February 1, 2011
The ruble surged the most in three weeks against the dollar as companies bought the local currency to cover their expenses for the year and protect against swings in the exchange rate.
Russia’s currency jumped 0.5 percent, the most since Jan. 13, to 29.6150 per dollar, and was 0.3 percent stronger at 40.71 per euro by the 5 p.m. close of trading in Moscow.
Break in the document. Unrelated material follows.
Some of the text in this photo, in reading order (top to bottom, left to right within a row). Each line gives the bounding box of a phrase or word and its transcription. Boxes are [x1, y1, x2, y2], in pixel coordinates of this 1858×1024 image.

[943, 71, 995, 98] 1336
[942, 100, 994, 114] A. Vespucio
Those movements pushed the ruble 0.4 percent higher to 34.6077 against the target dollar-euro basket used by the nation’s central bank to limit fluctuations that damage exporter competitiveness.
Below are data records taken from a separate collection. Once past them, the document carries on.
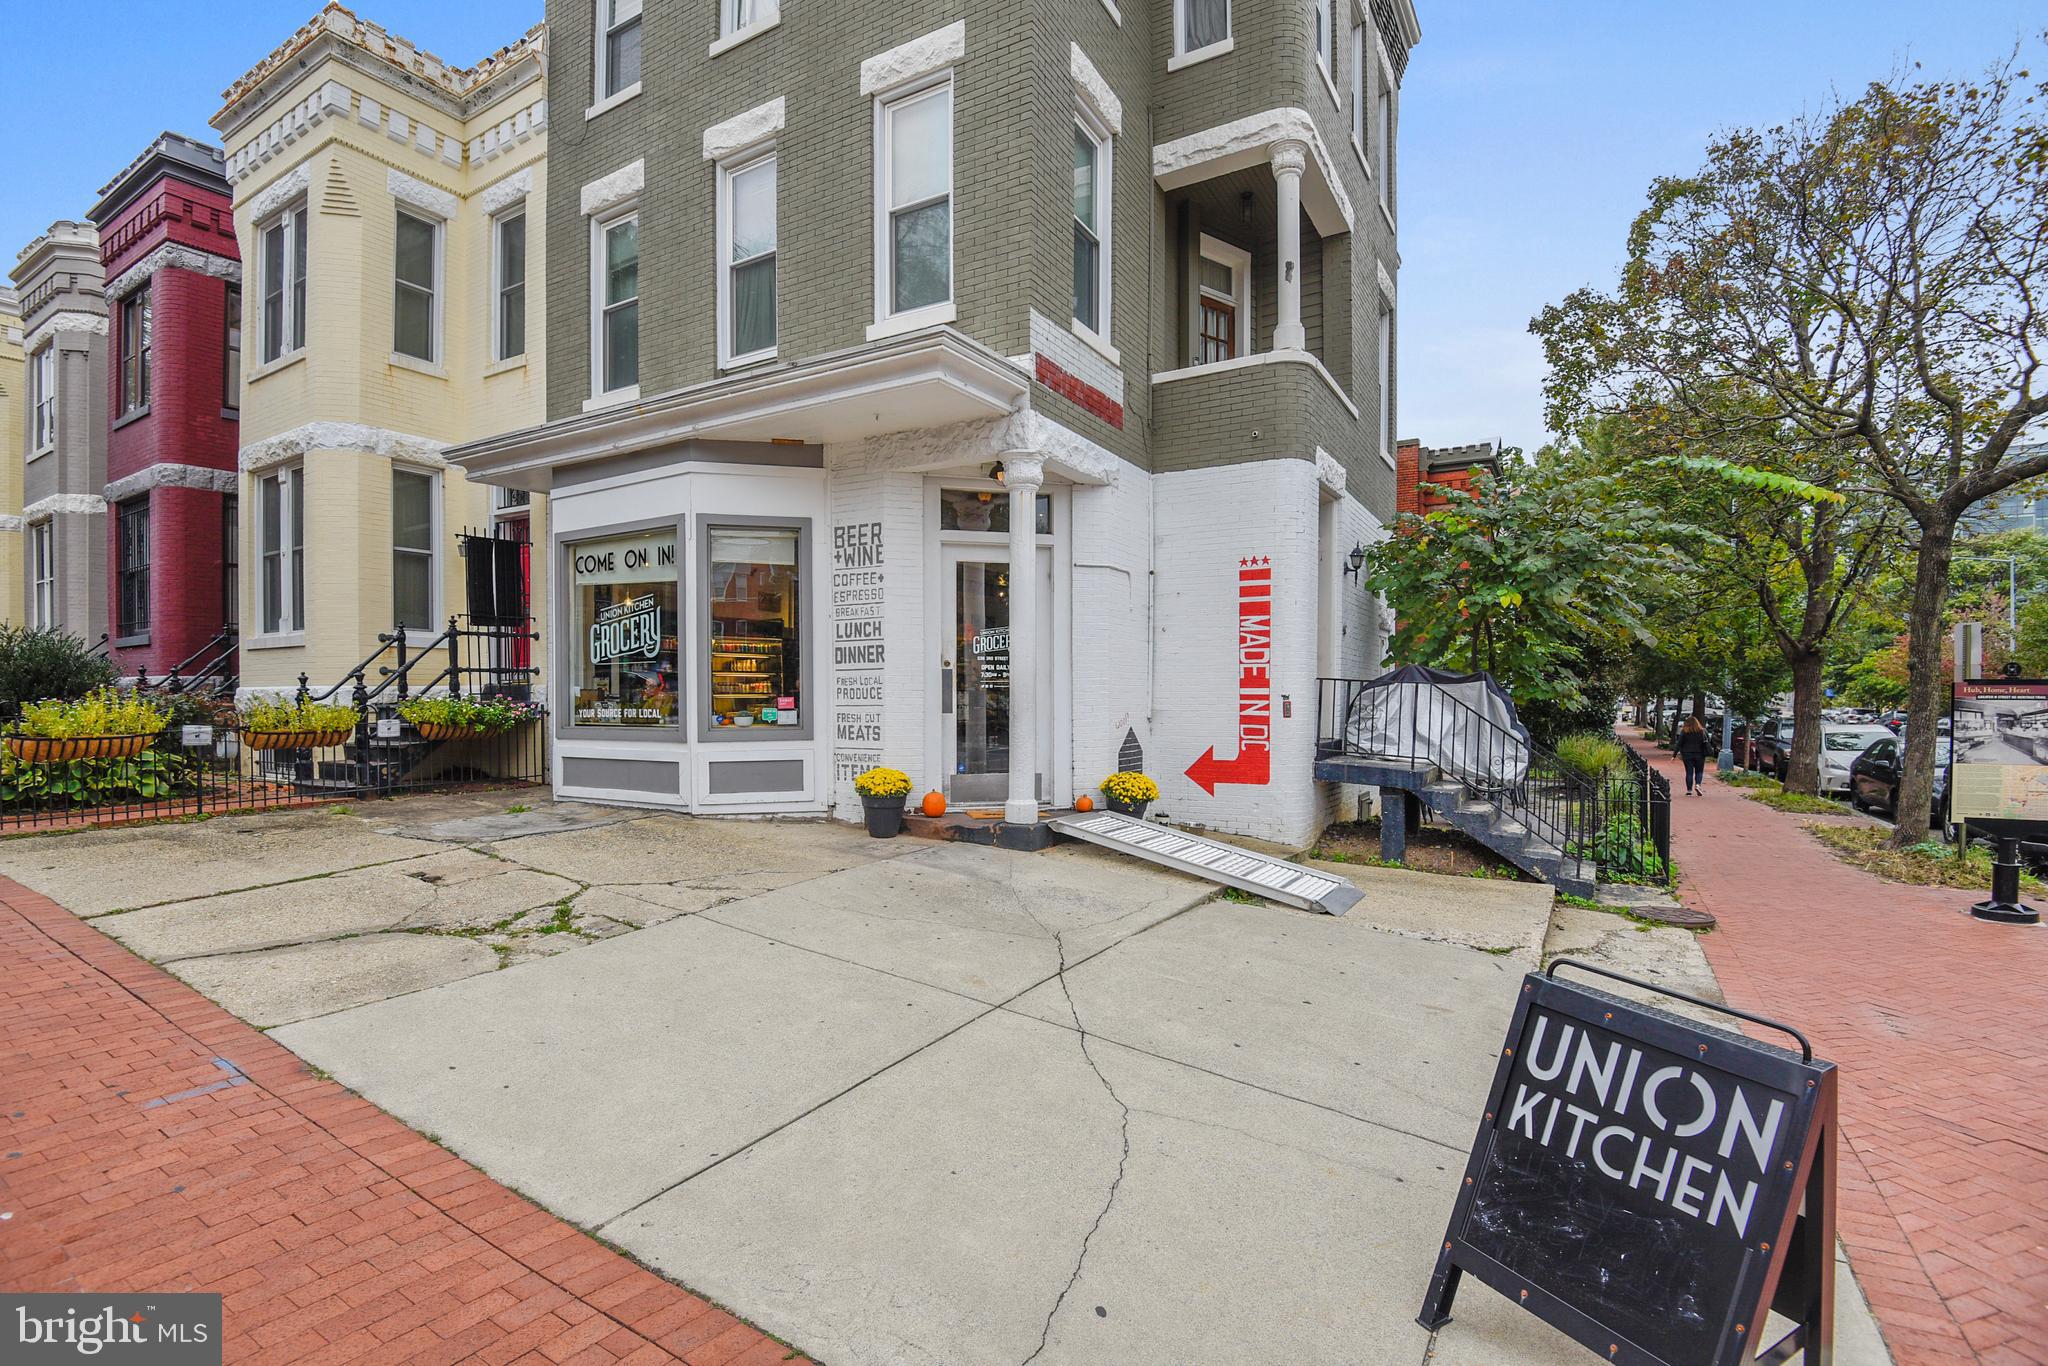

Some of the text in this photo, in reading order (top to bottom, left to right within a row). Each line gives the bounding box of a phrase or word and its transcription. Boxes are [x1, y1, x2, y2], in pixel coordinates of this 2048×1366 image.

[833, 522, 882, 549] BEER
[575, 544, 675, 574] COME ON IN!
[833, 588, 884, 603] ESPRESSO
[600, 598, 654, 620] UNION KITCHEN
[835, 606, 881, 617] BREAKFAST
[590, 605, 660, 664] GROCERY
[836, 621, 882, 639] LUNCH
[973, 634, 1009, 654] GROCER
[834, 644, 885, 664] DINNER
[836, 675, 883, 686] FRESH LOCAL
[1239, 615, 1271, 752] MADE IN DC
[836, 687, 883, 700] PRODUCE
[1963, 686, 1982, 694] Hub,
[1983, 686, 2008, 694] Home,
[578, 709, 661, 718] YOUR SOURCE FOR LOCAL
[836, 713, 881, 723] FRESH CUT
[836, 724, 881, 741] MEATS
[836, 753, 881, 762] CONVENIENCE
[836, 763, 881, 781] ITEM
[1525, 1014, 1784, 1175] UNION
[1507, 1083, 1758, 1239] KITCHEN
“February to March are seasonally the strongest months for the ruble as exports are high” and companies use the proceeds to cover future costs including wages and taxes, Alexei Moiseev, chief economist in Moscow at VTB Capital said in e-mail.
The ruble climbed 5.8 percent against the basket in the first three months of last year, the biggest quarterly advance since the basket was established in 2005. It has gained 1.5 percent to the basket so far this year, and 3.1 percent against the dollar, data compiled by Bloomberg show.
Investors pared bets today that the ruble will weaken, with non-deliverable forwards showing the currency at 29.8231 versus the dollar in three months, from 30.0278 yesterday. NDFs allow companies to protect against currency fluctuations.
Companies “budget how many rubles they will need to pay local expenditures and hedge this amount worth of export earnings in order not to carry currency risk throughout the year,” said Moiseev at VTB, the investment banking arm of Russia’s second-largest lender. The subsequent advance in the ruble is known as “the February effect,” he added.
Expectations the central bank will raise its key interest rates before the end of the first quarter are also supporting the ruble, Commerzbank AG currency analysts led by chief strategist Ulrich Leuchtmann wrote in an e-mail to clients today.
Bank Rossii unexpectedly left all its benchmark rates on hold at record-lows at a Dec. 31 review, even as economists surveyed by Bloomberg predicted a 0.25 percentage point increase to the deposit rate. With inflation at a one-year high in December, traders are still pricing in 0.88 percentage points, or 88 basis points, of rate rises in the next three months, forward rate agreements show.
“Against the background of strong acceleration in inflation, the rate outlook is likely to remain positive for the ruble,” the Commerzbank e-mail said.
Higher rates make the ruble a more attractive target for the carry trade, where funds are borrowed at lower rates in countries like the U.S. and Japan, where target borrowing costs are near zero, and invested in places like Russia, Brazil and South Africa, which yield comparatively more. Brazil’s Selic target rate is 11.25 percent and South Africa’s benchmark rate is 5.5 percent.
Ruble-denominated government debt due 2016 rose for a second day, pushing the yield down 3 basis points to 7.62 percent. The yield on sovereign dollar bonds maturing in 2020 dropped 10 basis points to 5.08 percent. Dollar debt due 2015 also rose, with the yield down 15 basis points to 3.589 percent, a one-week low.